COLUNISTAS

Fallahi: as danças do campo – Nati Alfaya

Antes de falar das danças Fallahi, ou mesmo desta população, é preciso entender um pouco a relação entre o rio Nilo e os egípcios.

O Rio Nilo é um dos maiores rios no mundo (disputando esse título com o rio Amazonas, já que ainda não se sabe com certeza qual deles é o maior) e não pode restar dúvidas sobre sua vital importância para o Egito.

Este rio atravessa o país de sul ao norte, garantindo água e terrenos férteis para agricultura e criação de animais por toda sua extensão, é ele que garante a possibilidade de vida no deserto. Por esta razão a grande maioria da população egípcia é ribeirinha, vivendo diretamente em função do rio Nilo.
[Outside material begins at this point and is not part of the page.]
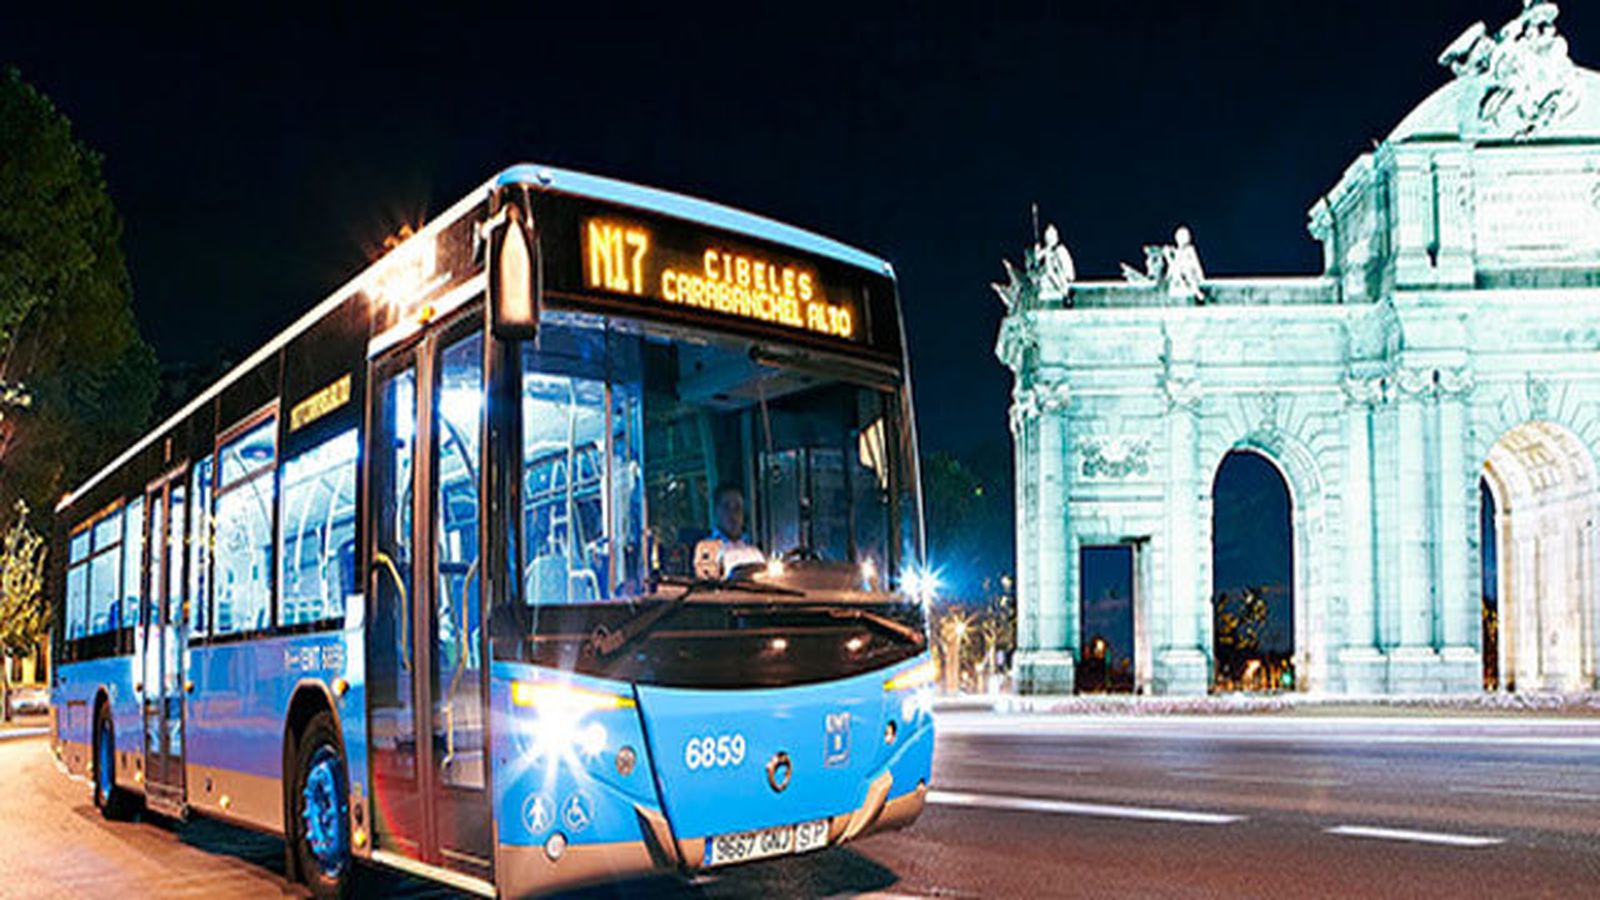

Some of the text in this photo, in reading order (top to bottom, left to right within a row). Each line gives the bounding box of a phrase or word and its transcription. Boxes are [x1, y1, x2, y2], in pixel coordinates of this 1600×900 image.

[588, 220, 648, 294] N17
[704, 249, 812, 301] CIBELES
[662, 268, 852, 338] CARABANCHEL ALTO
[685, 733, 746, 770] 6859
Essa população ribeirinha, embora esteja presente ao longo de todo o rio, está mais concentrada ao norte do país, na região do Delta do Nilo, ou seja, aquela na qual o rio Nilo se subdivide em inúmeros braços antes de desaguar no Mar Mediterrâneo. É nessa região que as águas do Nilo garantem a existência de um solo negro, extremamente fértil.
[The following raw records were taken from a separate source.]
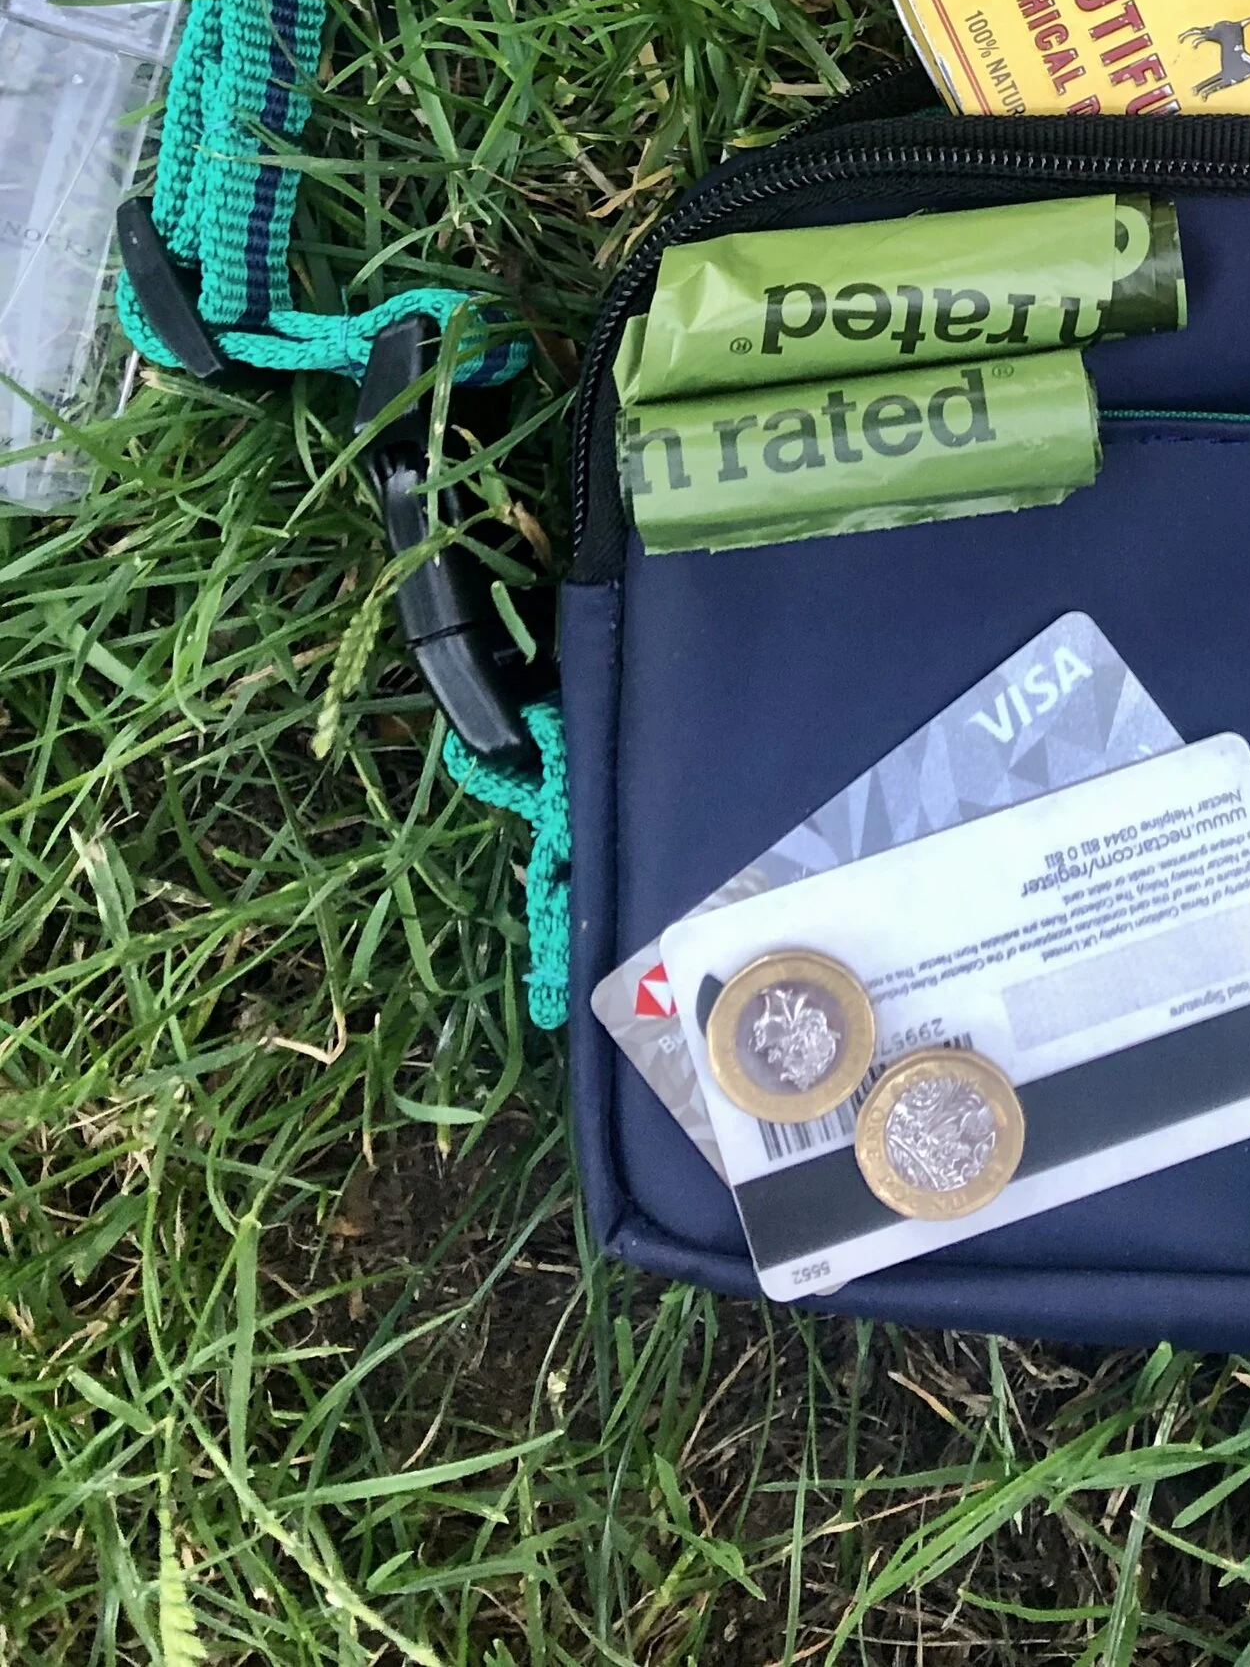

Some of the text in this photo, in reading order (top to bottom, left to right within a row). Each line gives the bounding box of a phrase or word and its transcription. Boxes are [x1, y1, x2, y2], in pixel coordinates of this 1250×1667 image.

[964, 9, 1000, 59] 100%
[968, 639, 1093, 743] VISA
[1197, 788, 1241, 814] Nectar
[1140, 806, 1195, 832] Helpline
[1103, 825, 1138, 848] 0344
[1020, 806, 1248, 898] www.nectar.com/register
[1169, 989, 1226, 1017] Signature
[791, 1260, 831, 1285] 5552
Embora em cidades maiores como Cairo ou Alexandria, o Egito conte com cidades modernas e uma vida urbana agitada, é verdade também que a maioria da população vive de forma muito mais simples, em zonas rurais, sobrevivendo da agricultura e criação de animais, ou seja, são camponeses.

E são justamente estes camponeses que são o povo chamado de Fallaheen, palavra que significa “aqueles que trabalham na terra”. É deste povo que vêm as danças, músicas, vestimentas e tradições que convencionamos chamar Fallahi.

Esse povo, assim como geralmente é com todos os povos camponeses, são mais conservadores, reservados, ingênuos e tímidos e essas características se refletem em todos os aspectos de sua cultura.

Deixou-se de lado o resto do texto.